The 31-year-old from Corunna, Ont., got off to a late start this season because of this Achilles injury and said a couple of weeks ago "I feel like I'm racing against the clock." He's ranked No. 80 in the world — outside the World Athletics ranking bubble for a spot in Tokyo. He could have clinched a berth by clearing the automatic entry standard of 2.33 metres this weekend. His best this season is 2.24, while his Canadian record is 2.40.

Because of Canada's COVID-19 quarantine rules, Drouin has been isolating for the past two weeks, posting pictures of training on a rowing machine, and running in a backyard pool.

"Although this obviously isn't how I expected my Olympic journey to end, I am beyond excited to watch my Canadian teammates write their own stories, both this weekend at Trials and next month in Tokyo," he wrote. "Good luck to everyone competing!"

Drouin won the 2015 world championship in Beijing, then captured gold a year later at the Rio Olympics.

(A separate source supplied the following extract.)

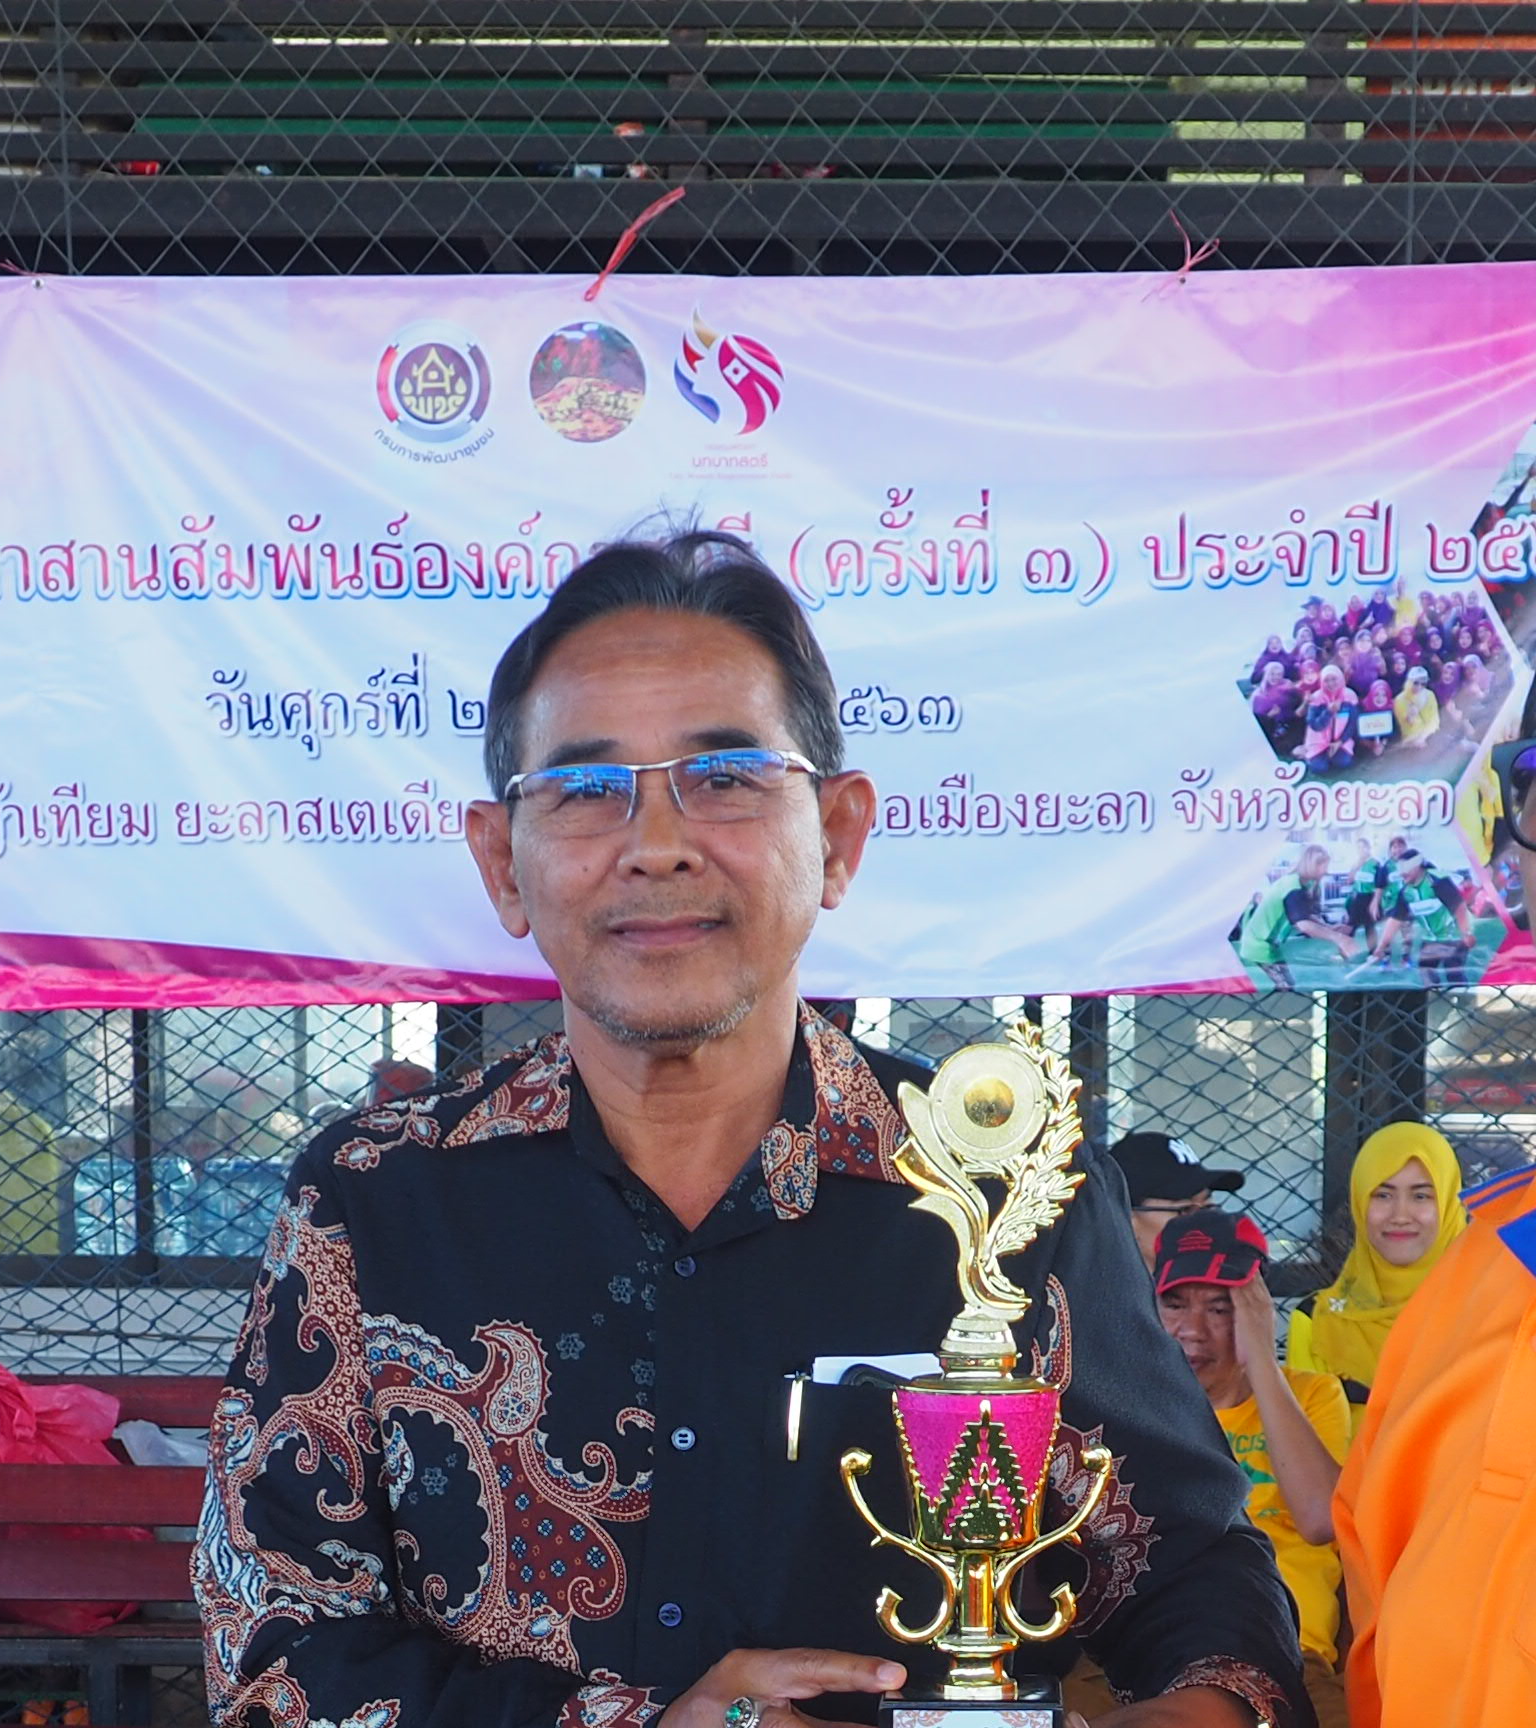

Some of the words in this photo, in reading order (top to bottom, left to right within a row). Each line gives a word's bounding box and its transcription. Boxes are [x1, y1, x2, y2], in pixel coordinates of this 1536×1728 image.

Drouin's first career Achilles tear sidelined him for the 2017 world championships. The herniated disc in his neck shelved his 2018 season. Achilles injury No. 2 all but wiped out 2019, including the world championships in Doha, Qatar.

Finally healthy and competing in Europe a couple of weeks ago, he said he'd be satisfied knowing he'd made the effort.

"I don't know what the end of this Olympic qualifying period is going to look like," he'd said. "But right now I can say that I'm really, really happy that I'm trying."